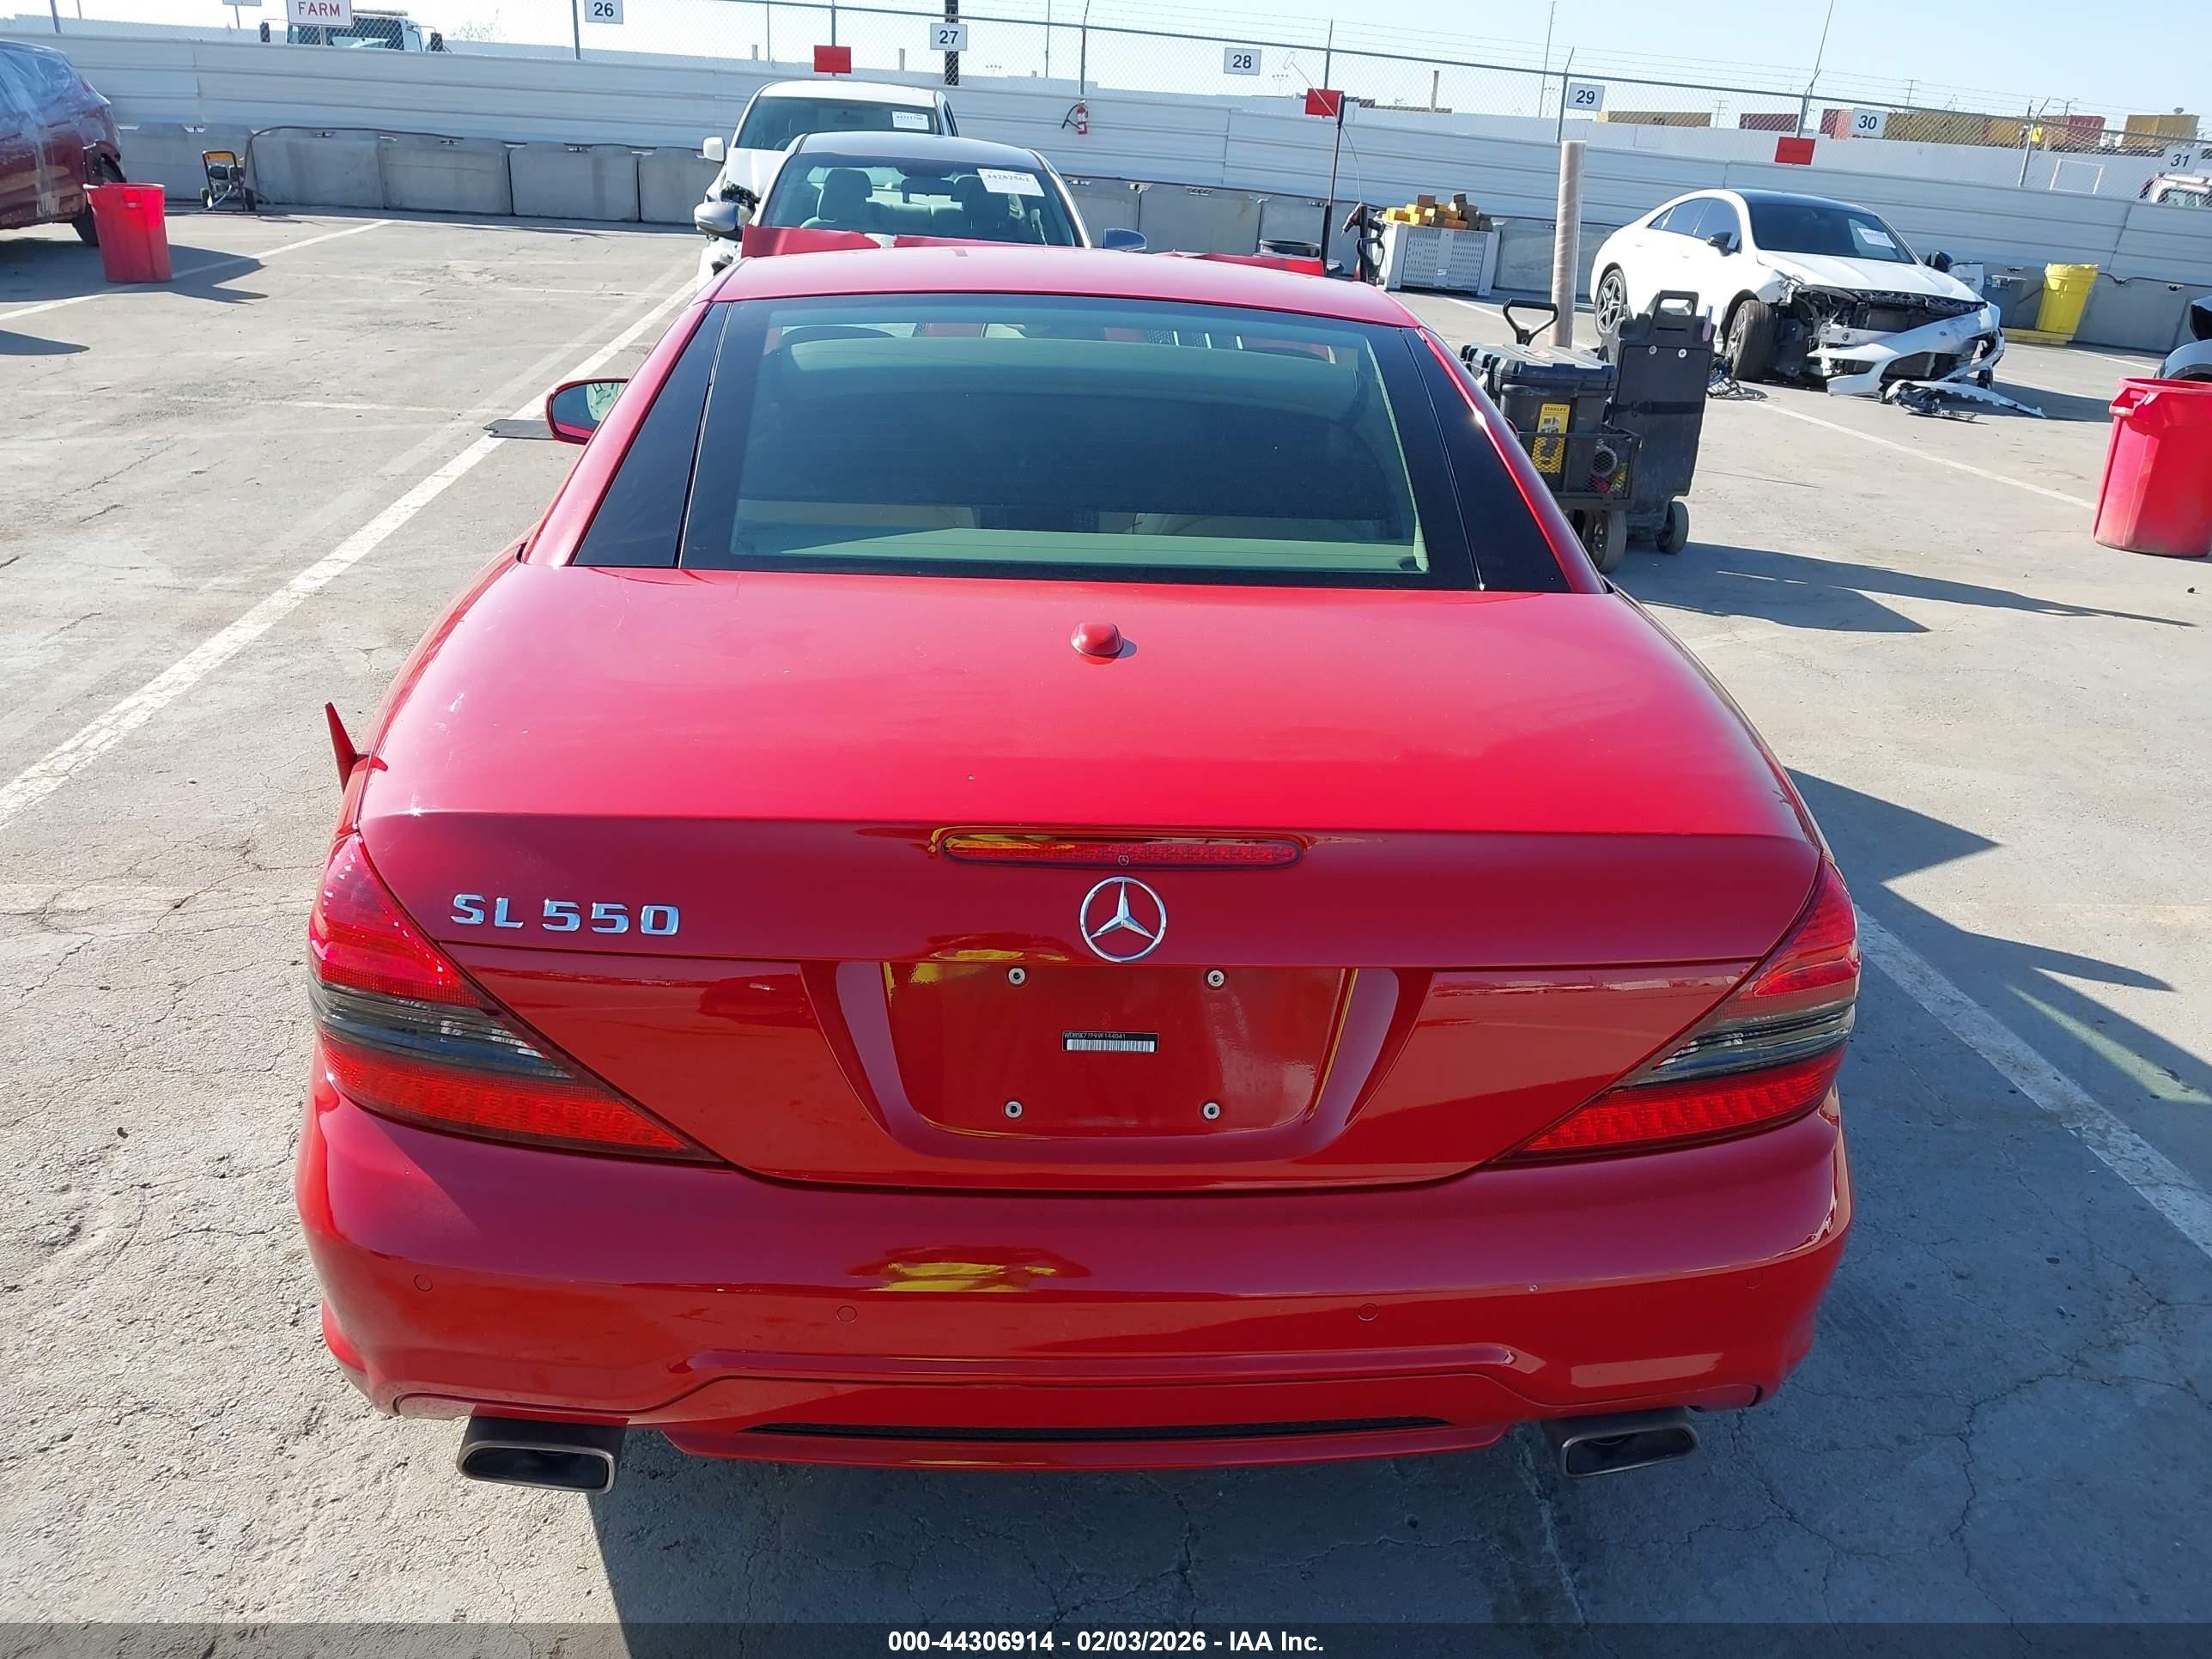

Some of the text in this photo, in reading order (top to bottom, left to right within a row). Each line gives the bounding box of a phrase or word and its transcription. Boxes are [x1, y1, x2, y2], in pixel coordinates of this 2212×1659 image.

[297, 2, 341, 17] FARM
[593, 2, 614, 17] 26
[939, 29, 959, 45] 27
[1232, 54, 1252, 69] 28
[1575, 89, 1595, 105] 29
[1857, 114, 1878, 131] 30
[2170, 153, 2191, 167] 31
[449, 893, 679, 935] SL 550
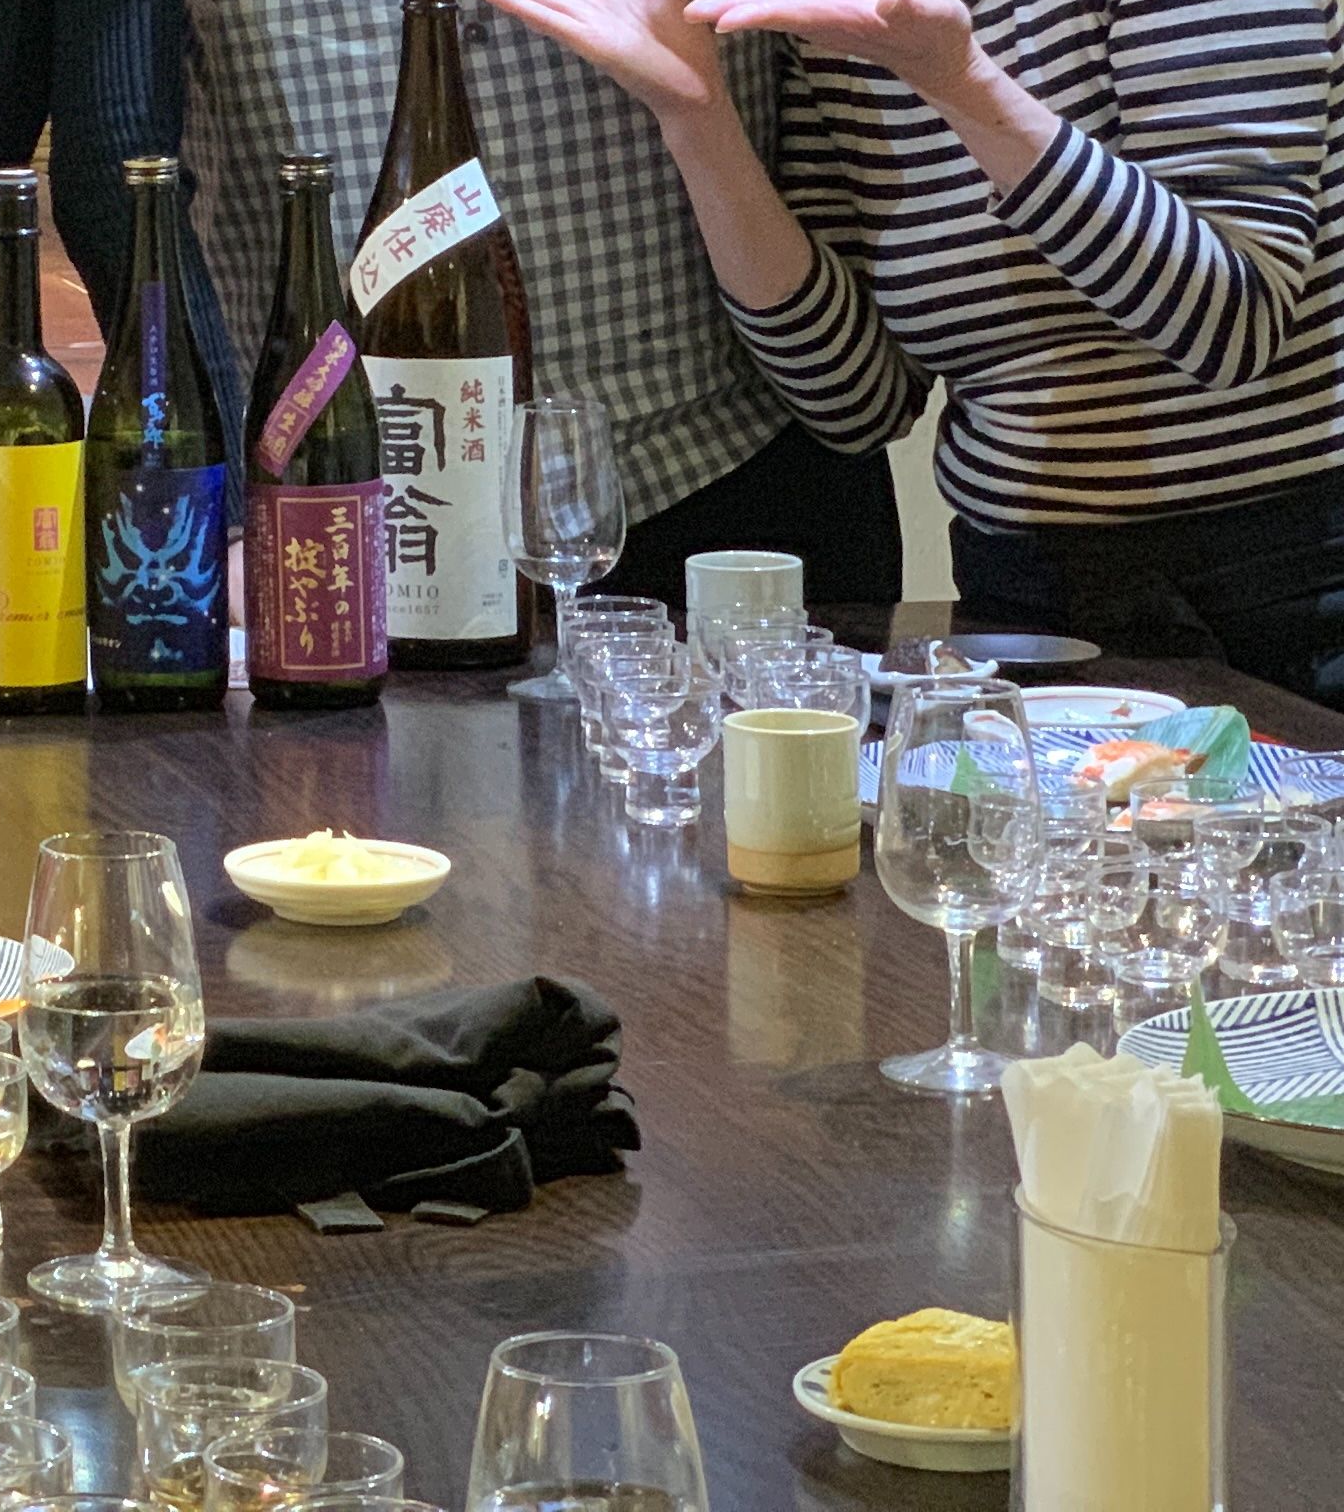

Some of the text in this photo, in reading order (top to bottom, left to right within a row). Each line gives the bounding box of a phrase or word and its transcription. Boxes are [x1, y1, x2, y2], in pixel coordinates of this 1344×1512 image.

[358, 183, 482, 296] 山廃仕込
[459, 378, 486, 463] 純米酒
[324, 506, 355, 615] 三百年の
[385, 584, 440, 600] OMIO
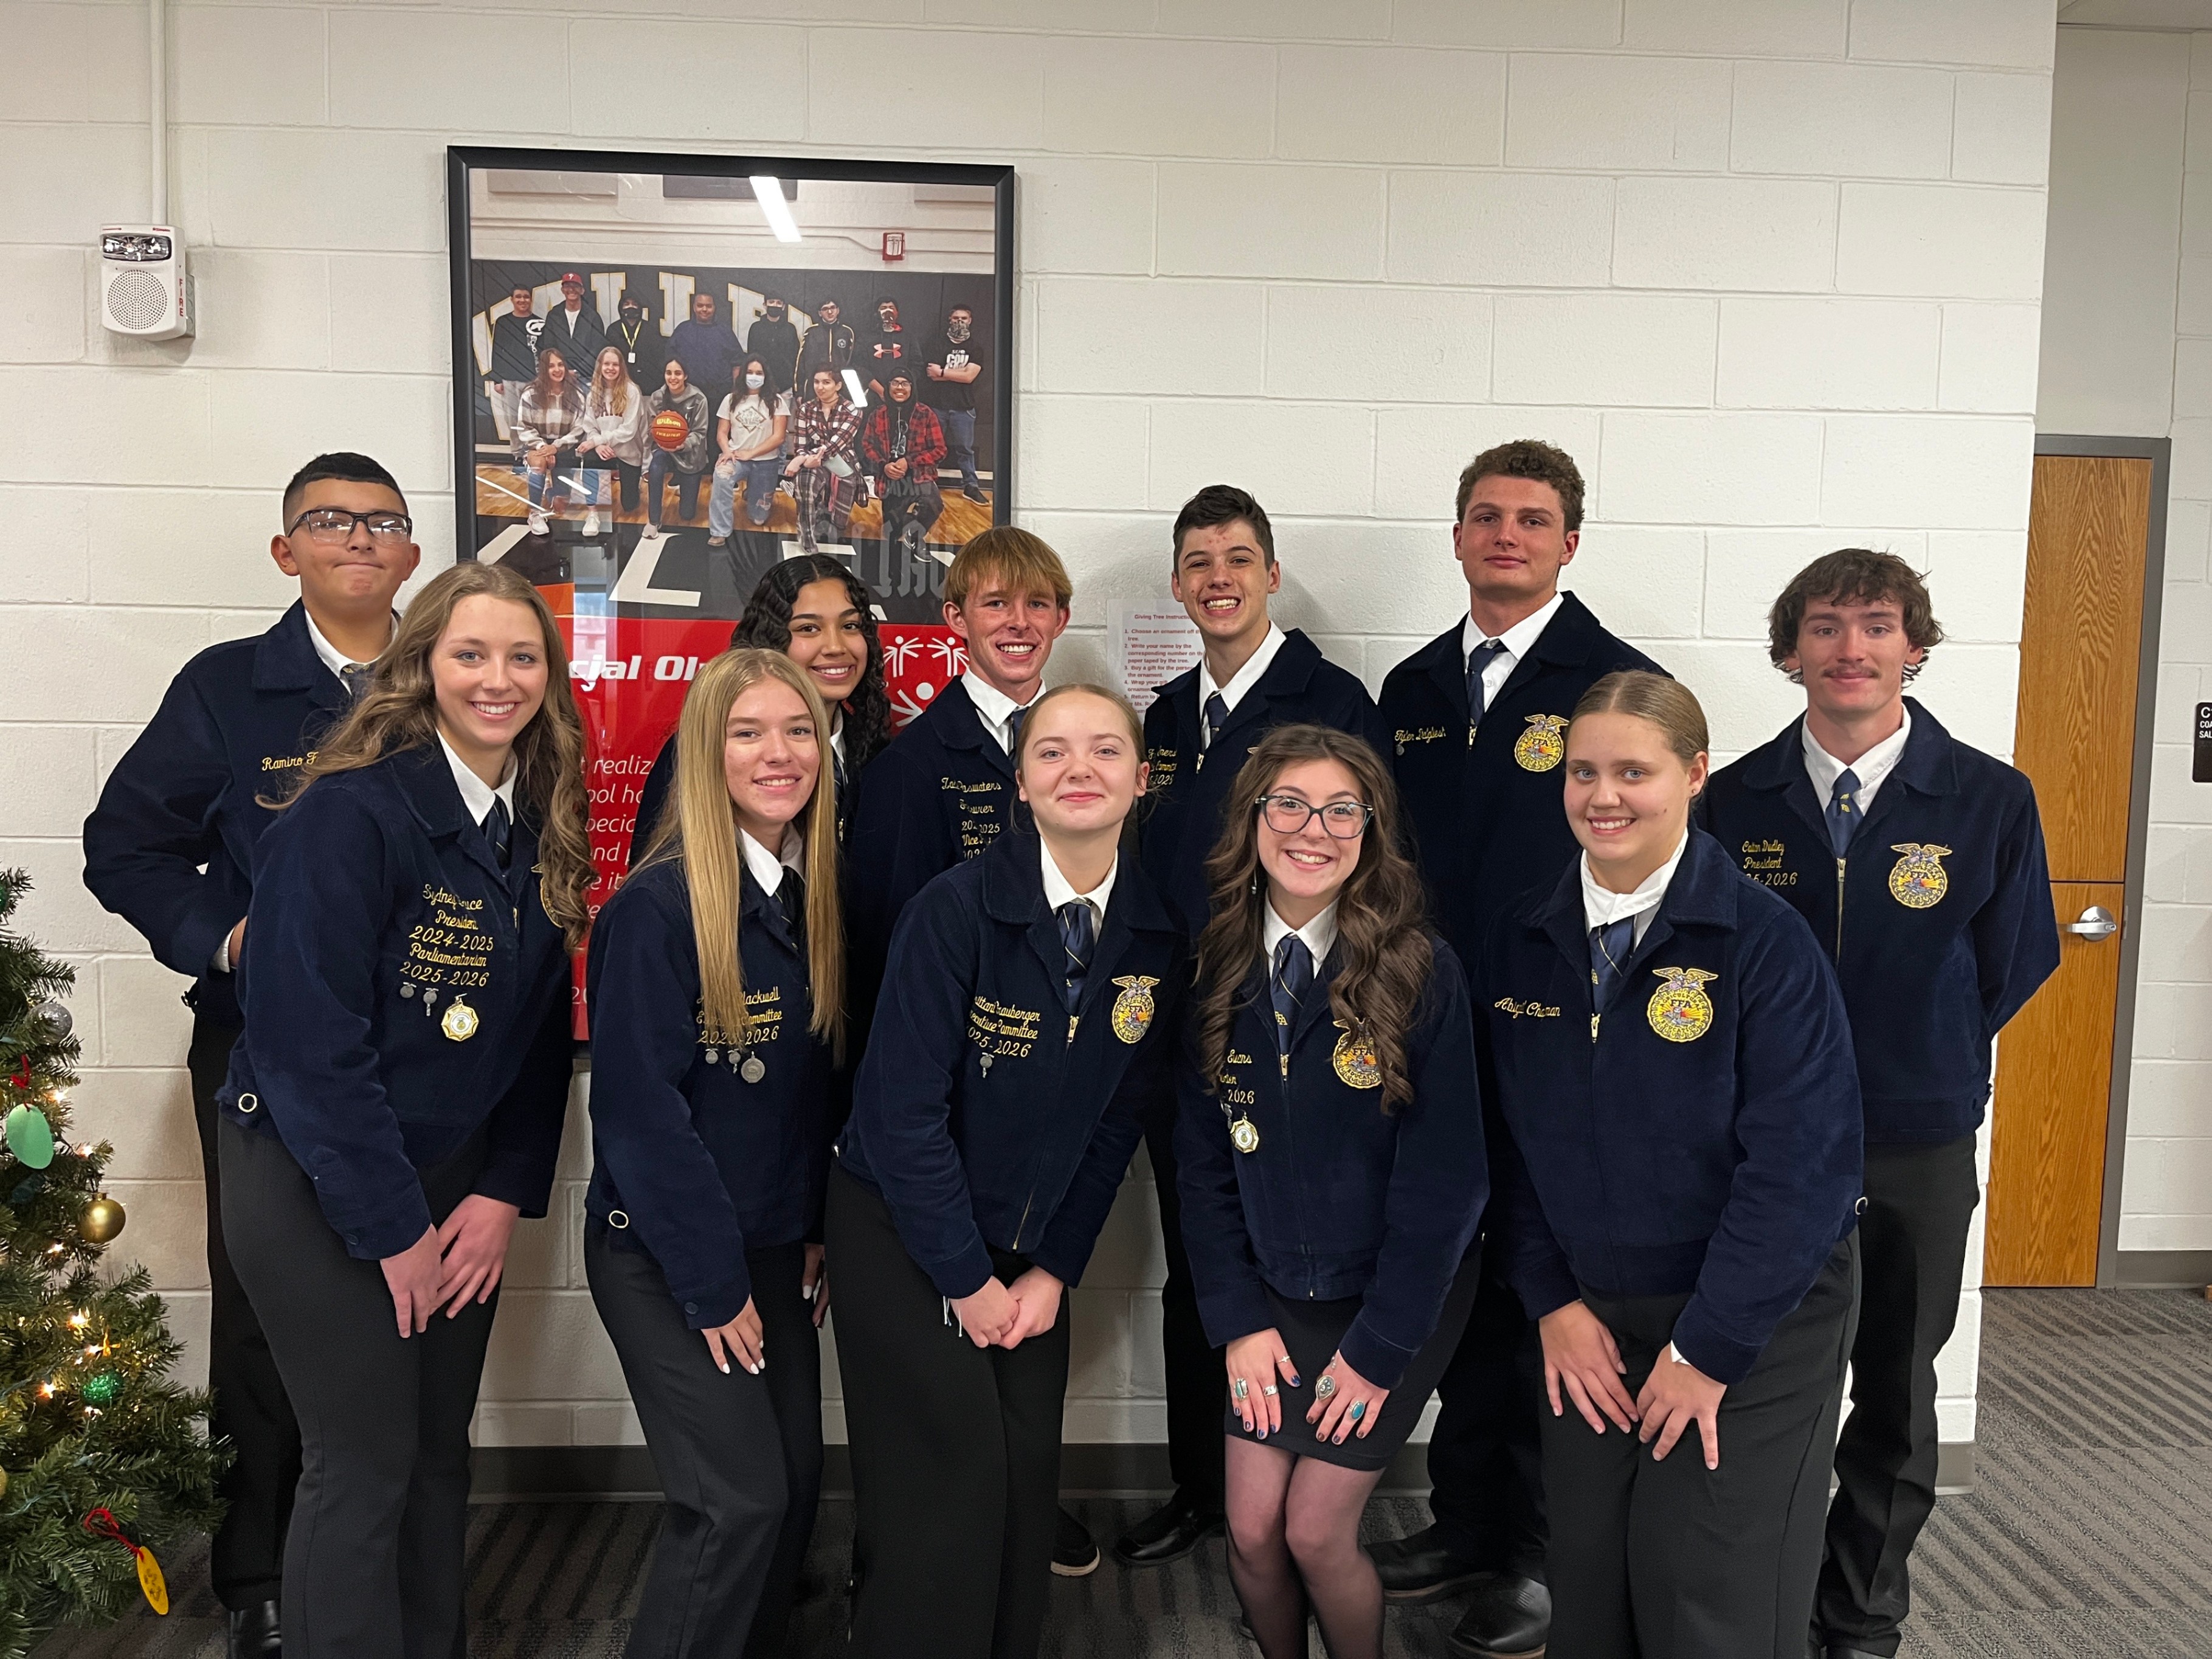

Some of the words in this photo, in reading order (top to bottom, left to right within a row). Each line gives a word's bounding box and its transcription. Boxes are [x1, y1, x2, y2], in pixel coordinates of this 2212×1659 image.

[261, 756, 304, 771] Ramiro
[1743, 856, 1782, 869] President
[408, 925, 494, 951] 2024-2025
[409, 942, 487, 967] Parliamentarian
[399, 961, 490, 987] 2025-2026
[1670, 999, 1692, 1008] FFA

----

The answer is the whole listing above, written out verbatim, without its pictures.

- _SOLVED EXERCISE_
Some of the text in this photo, in reading order (top to bottom, left to right within a row). Each line gives the bounding box of a phrase or word and its transcription. Boxes are [x1, y1, x2, y2], in pixel coordinates of this 2212×1659 image.

[297, 2, 341, 17] FARM
[593, 2, 614, 17] 26
[939, 29, 959, 45] 27
[1232, 54, 1252, 69] 28
[1575, 89, 1595, 105] 29
[1857, 114, 1878, 131] 30
[2170, 153, 2191, 167] 31
[449, 893, 679, 935] SL 550

Some of the text in this photo, in reading order (top to bottom, left to right within a row). Each line gives the bounding box of a phrase or word and its transcription. Boxes are [x1, y1, x2, y2], in pixel coordinates of this 1344×1512 image.

[358, 183, 482, 296] 山廃仕込
[459, 378, 486, 463] 純米酒
[324, 506, 355, 615] 三百年の
[385, 584, 440, 600] OMIO

Some of the words in this photo, in reading order (top to bottom, left to right within a row). Each line gives a word's bounding box and its transcription. Boxes are [x1, y1, x2, y2], in pixel coordinates of this 2212×1659 image.

[261, 756, 304, 771] Ramiro
[1743, 856, 1782, 869] President
[408, 925, 494, 951] 2024-2025
[409, 942, 487, 967] Parliamentarian
[399, 961, 490, 987] 2025-2026
[1670, 999, 1692, 1008] FFA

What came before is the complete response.